EXERCISE DETAILS: Reproduce the entries word for word, and omit any picture you find in them.

··· THE RECORDS ···

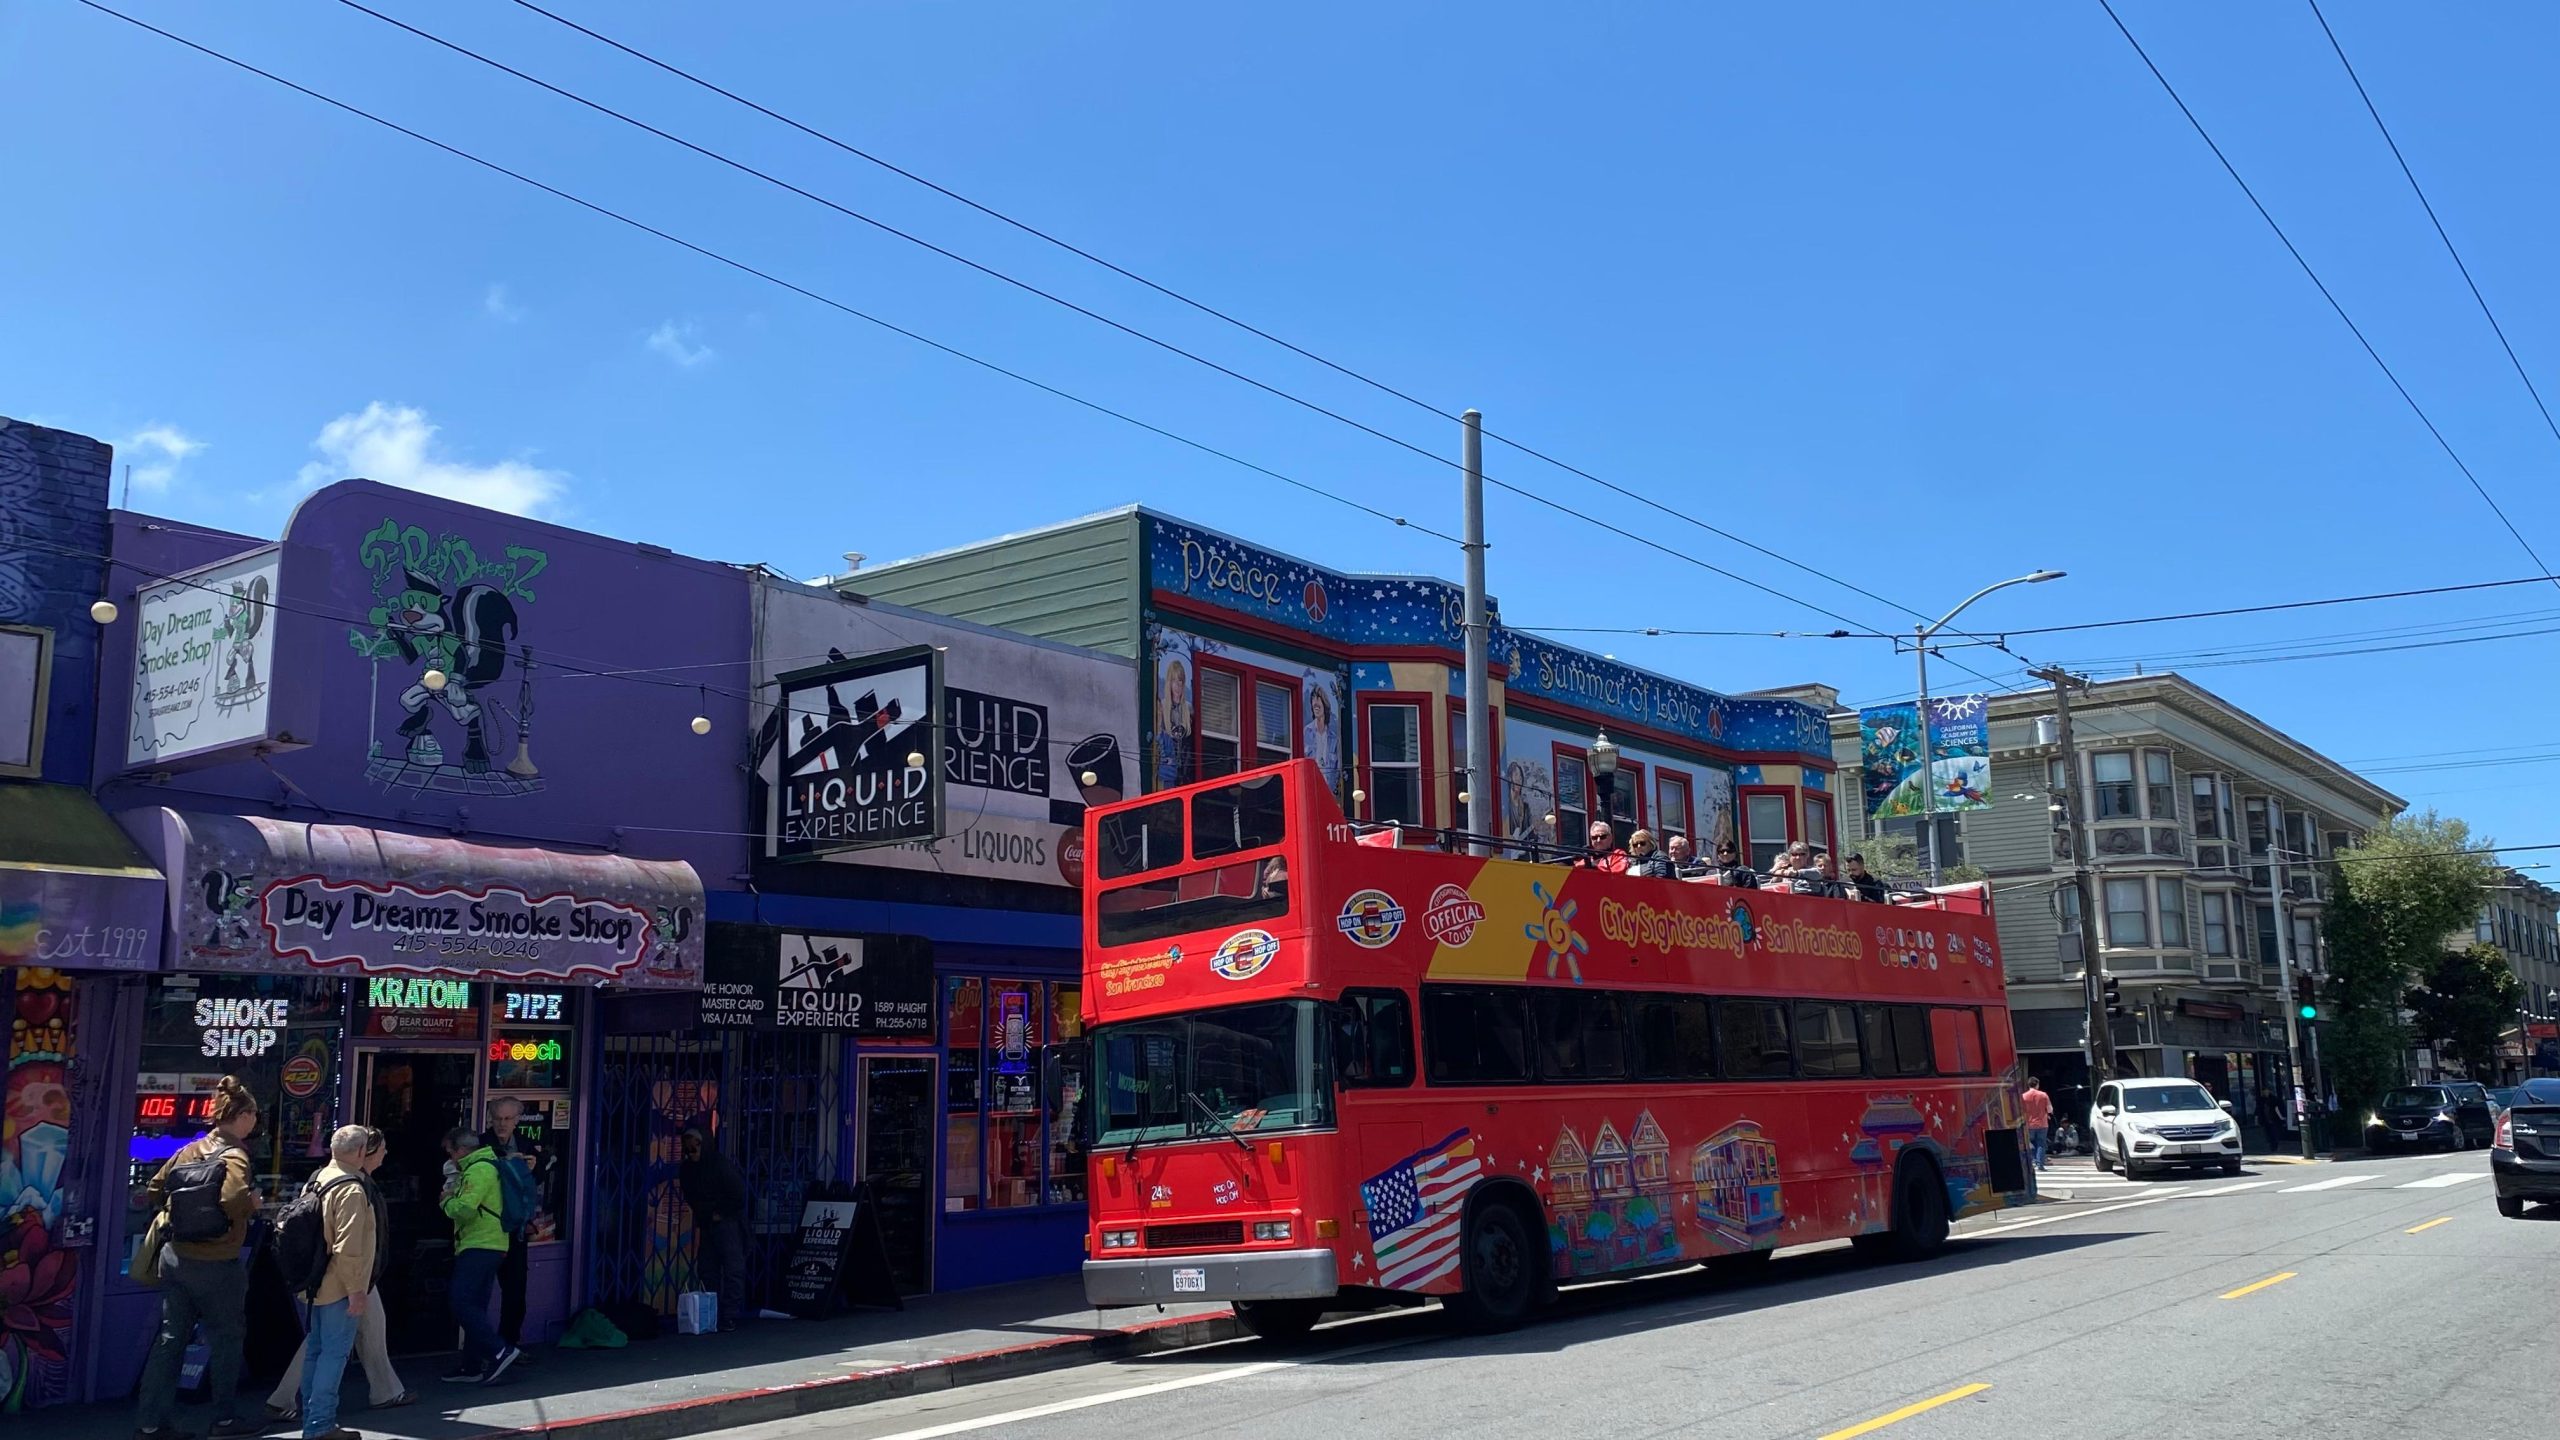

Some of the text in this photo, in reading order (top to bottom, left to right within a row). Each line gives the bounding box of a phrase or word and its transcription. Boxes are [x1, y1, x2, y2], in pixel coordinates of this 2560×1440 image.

[1180, 539, 1281, 603] Peace
[143, 608, 212, 646] Day Dreamz
[1440, 594, 1495, 643] 197
[139, 637, 211, 675] Smoke Shop
[144, 678, 201, 704] 415-554-0246
[1539, 650, 1700, 728] Summer of Love
[956, 696, 1042, 754] UID
[1795, 707, 1828, 746] 1967
[1940, 724, 1978, 733] CALIFORNIA
[1940, 737, 1978, 747] SCIENCES
[945, 746, 1043, 793] RIENCE
[785, 801, 926, 843] EXPERIENCE
[1326, 823, 1347, 843] 117
[963, 829, 1046, 866] LIQUORS
[1892, 880, 1923, 889] AYTON
[283, 887, 632, 953] Day Dreamz Smoke Shop
[1340, 916, 1361, 928] HOP ON
[1381, 910, 1403, 922] HOP OFF
[1429, 904, 1482, 933] OFFICIAL
[35, 927, 147, 960] Est 1999
[1448, 926, 1472, 943] TOUR
[1762, 914, 1794, 952] San
[1793, 916, 1862, 960] Francisco
[1254, 942, 1277, 955] HOP OFF
[1213, 955, 1233, 968] HOP ON
[368, 977, 469, 1009] KRATOM
[703, 983, 754, 995] WE HONOR
[1106, 973, 1165, 996] San Francisco
[504, 993, 562, 1020] PIPE
[702, 998, 764, 1011] MASTER CARD
[777, 990, 863, 1012] LIQUID
[874, 1002, 927, 1013] 1589 HAIGHT
[194, 998, 289, 1027] SMOKE
[399, 1017, 454, 1028] BEAR QUARTZ
[777, 1011, 860, 1027] EXPERIENCE
[201, 1029, 277, 1057] SHOP
[488, 1039, 561, 1061] cheech
[284, 1071, 319, 1083] 420
[141, 1098, 175, 1116] 106
[1151, 1185, 1162, 1201] 24
[1213, 1180, 1236, 1194] Hop On
[1216, 1190, 1239, 1205] Hop Off
[803, 1237, 840, 1245] EXPERIENCE
[805, 1229, 842, 1238] LIQUID
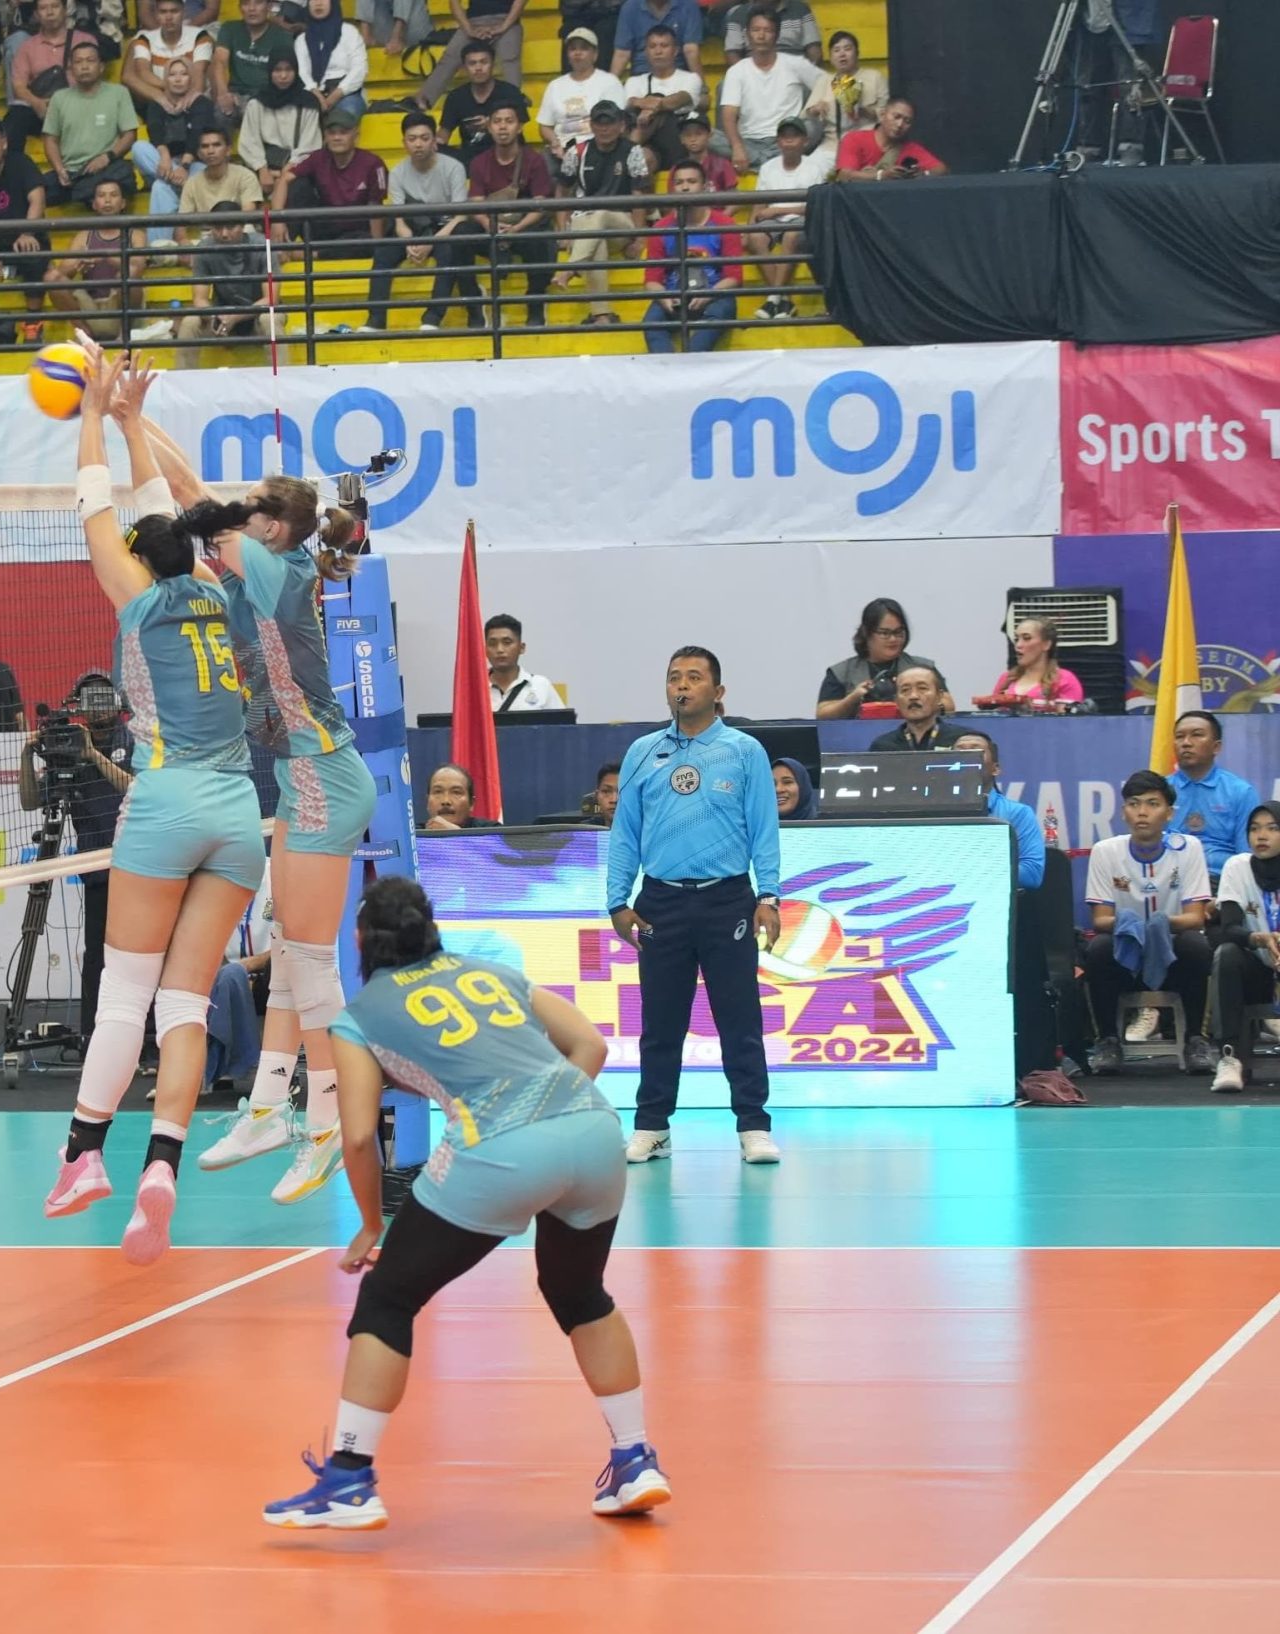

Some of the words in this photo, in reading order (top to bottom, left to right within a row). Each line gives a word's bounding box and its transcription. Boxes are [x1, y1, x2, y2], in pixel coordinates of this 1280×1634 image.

···

EXERCISE SOLUTION:
Some of the text in this photo, in reading order (top to bottom, left to right within a row). Each line gives the bounding box of a phrase or word and its transcription. Boxes are [x1, y1, x2, y2], in pixel coordinates of this 2560×1440 image.

[1180, 539, 1281, 603] Peace
[143, 608, 212, 646] Day Dreamz
[1440, 594, 1495, 643] 197
[139, 637, 211, 675] Smoke Shop
[144, 678, 201, 704] 415-554-0246
[1539, 650, 1700, 728] Summer of Love
[956, 696, 1042, 754] UID
[1795, 707, 1828, 746] 1967
[1940, 724, 1978, 733] CALIFORNIA
[1940, 737, 1978, 747] SCIENCES
[945, 746, 1043, 793] RIENCE
[785, 801, 926, 843] EXPERIENCE
[1326, 823, 1347, 843] 117
[963, 829, 1046, 866] LIQUORS
[1892, 880, 1923, 889] AYTON
[283, 887, 632, 953] Day Dreamz Smoke Shop
[1340, 916, 1361, 928] HOP ON
[1381, 910, 1403, 922] HOP OFF
[1429, 904, 1482, 933] OFFICIAL
[35, 927, 147, 960] Est 1999
[1448, 926, 1472, 943] TOUR
[1762, 914, 1794, 952] San
[1793, 916, 1862, 960] Francisco
[1254, 942, 1277, 955] HOP OFF
[1213, 955, 1233, 968] HOP ON
[368, 977, 469, 1009] KRATOM
[703, 983, 754, 995] WE HONOR
[1106, 973, 1165, 996] San Francisco
[504, 993, 562, 1020] PIPE
[702, 998, 764, 1011] MASTER CARD
[777, 990, 863, 1012] LIQUID
[874, 1002, 927, 1013] 1589 HAIGHT
[194, 998, 289, 1027] SMOKE
[399, 1017, 454, 1028] BEAR QUARTZ
[777, 1011, 860, 1027] EXPERIENCE
[201, 1029, 277, 1057] SHOP
[488, 1039, 561, 1061] cheech
[284, 1071, 319, 1083] 420
[141, 1098, 175, 1116] 106
[1151, 1185, 1162, 1201] 24
[1213, 1180, 1236, 1194] Hop On
[1216, 1190, 1239, 1205] Hop Off
[803, 1237, 840, 1245] EXPERIENCE
[805, 1229, 842, 1238] LIQUID

Some of the words in this photo, in reading order (top to bottom, left to right within a row). Each line gives a word's bounding box and its transcription. Boxes are [x1, y1, x2, y2], in pixel coordinates of this 1280×1634 image.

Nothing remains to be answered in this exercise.